ГОЛОС ПЕРВЫЙ — ‘ПРЫНЦЫ И ЗОЛУШКИ’:

– Ну да ладно. Подумаешь... Лавров писателя мне всё равно не стяжать – “по ряду причин на самом деле”,– а потому “не будем гнать пены”.

: То есть не будем о себе в третьем лице печататься —

: Не к письменному столу нам это – и не к лицу, стал-быть...

– Да. А поведём свой рассказ далее в обычной, свойственной соучастникам событий манере излагать свои мысли:

– От первобытно-апрельского, как несвоевременные тезисы, Лица. “Значить”. Без псевдолитературных глупостей и бирюлек – и приплюсуем к безмерному перечню моих безутешных, как горе Крамского-Петрова-Иванова-Водкина-Рюмкина-АвтоСтопкина-и-так-далее,—

< кстати: что я за этим хотел сказать? Ах, да... >

– безутешному перечню моих несбывшихся, как пожар мировой революции, творческих профессий и ‘увеличений’...

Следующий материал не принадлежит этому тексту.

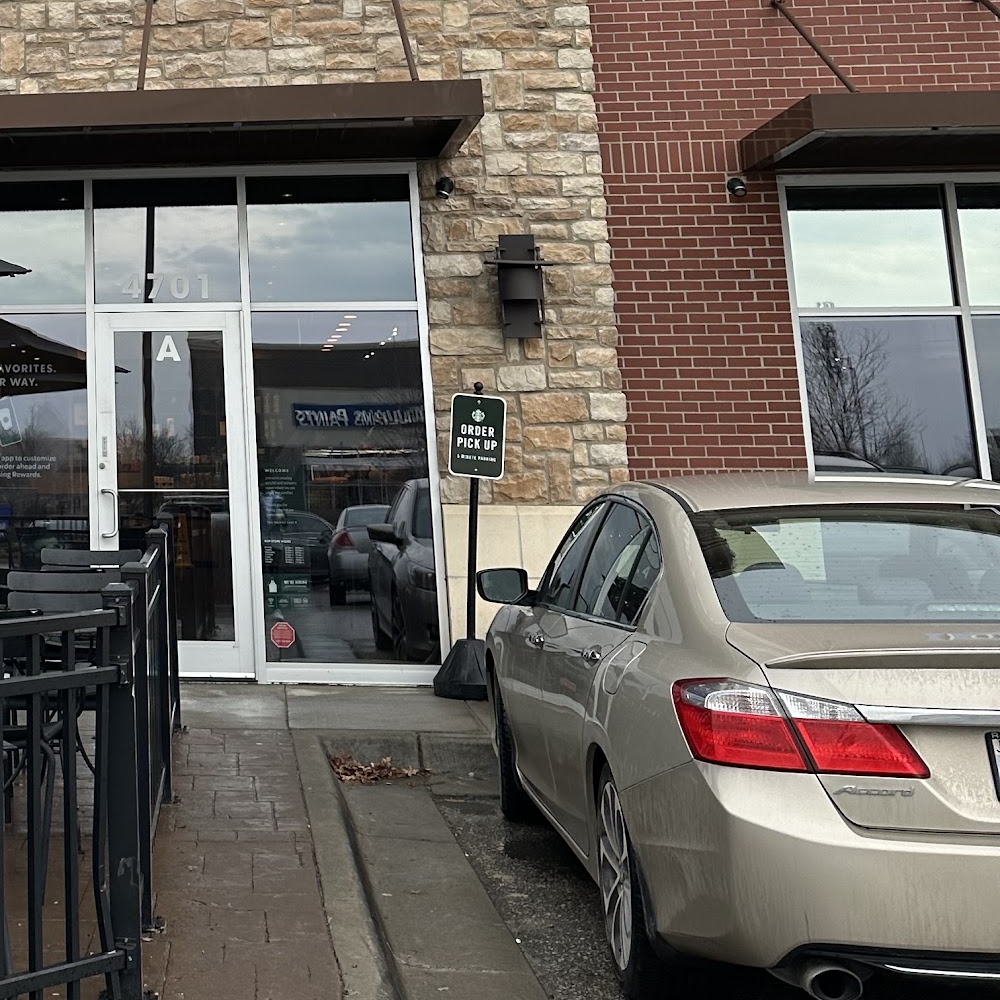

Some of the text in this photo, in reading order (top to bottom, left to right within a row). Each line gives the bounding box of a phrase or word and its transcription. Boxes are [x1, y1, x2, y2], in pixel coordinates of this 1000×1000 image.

: профессию несбывшегося литератора. И аллитератора. Что ж – с гордостью отказываюсь от них обоих, поручая догнать и обогнать меня на сём поприще Питу,—

: пусть развивается к вящей славе божьей,– и моей маленечко,– а я пока, ничтоже сумняшеся, поведу свой отчёт о происходящем далее – как два бедных золушки ( это мы с другом Егоровым ) остались хлопотать по хозяйству: разгребать завал то есть – брошенные на абсолютный произвол судьбы своими родными уже до боли и близкими сестрицами – Пищером и Питом, умчавшимися, как на бал, “стопосъёмить, значить”,—

Боже, что я несу!..

: хуже Егорова, да.

Видимо – от растерянности:

..: Он же не мог просто так выйти из грота. Да. Он так легко и непринуждённо бросил через плечо: – Ну, делать вам тут всё равно нечего будет – так что рассортируйте пока свет, тестером под нагрузкой штатной посмотрите, какие банки дозаряжать нужно и переформируйте блоки – Сашка, мол, знает, как это делается,– записи подготовьте свои, а мои, мол, и Пита во-он где лежат,– и показывает, подлец, где,– мусор упакуйте также весь наш < ‘со святыми – упакуй’, да > и прочее – сами знаете, не маленькие,– и оттащите всё это к Штопорной... Виноват – к Чёрт-лифту, и это – всё. А то, мол, завтра-сегодня уже ГО может прибыть – я, стало быть, значит, по косвенным признакам подсчитал,—

ОН ПОДСЧИТАЛ: ДА. МОЛ. СТАЛО БЫТЬ,—

– И ушёл, по косвенным признакам, соблазнив душку Пита < ‘тушку Пита’ > старой сказкой о Зазеркалье – Второй Системе, что...

– К Чёрту системы!!!

: Он ушёл, а мы остались вдвоём с другом Егоровым сидеть – и глазами вослед ему – то есть им – хлопать. Изо всех сил. Громко – как в известной немой песне. Без слов. Да.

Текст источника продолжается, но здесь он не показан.